Exercise :: The entries are to be given again in full. Every word must match.

[Stored items from a collection]
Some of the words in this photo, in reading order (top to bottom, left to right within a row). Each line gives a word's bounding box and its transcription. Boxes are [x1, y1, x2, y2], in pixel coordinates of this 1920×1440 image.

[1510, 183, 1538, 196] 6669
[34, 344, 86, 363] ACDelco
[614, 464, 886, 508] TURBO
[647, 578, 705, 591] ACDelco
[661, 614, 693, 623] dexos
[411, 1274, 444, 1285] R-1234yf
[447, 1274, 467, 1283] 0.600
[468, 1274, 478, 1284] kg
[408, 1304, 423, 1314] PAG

Exercise response ::
Some of the words in this photo, in reading order (top to bottom, left to right within a row). Each line gives a word's bounding box and its transcription. Boxes are [x1, y1, x2, y2], in pixel coordinates of this 1920×1440 image.

[1510, 183, 1538, 196] 6669
[34, 344, 86, 363] ACDelco
[614, 464, 886, 508] TURBO
[647, 578, 705, 591] ACDelco
[661, 614, 693, 623] dexos
[411, 1274, 444, 1285] R-1234yf
[447, 1274, 467, 1283] 0.600
[468, 1274, 478, 1284] kg
[408, 1304, 423, 1314] PAG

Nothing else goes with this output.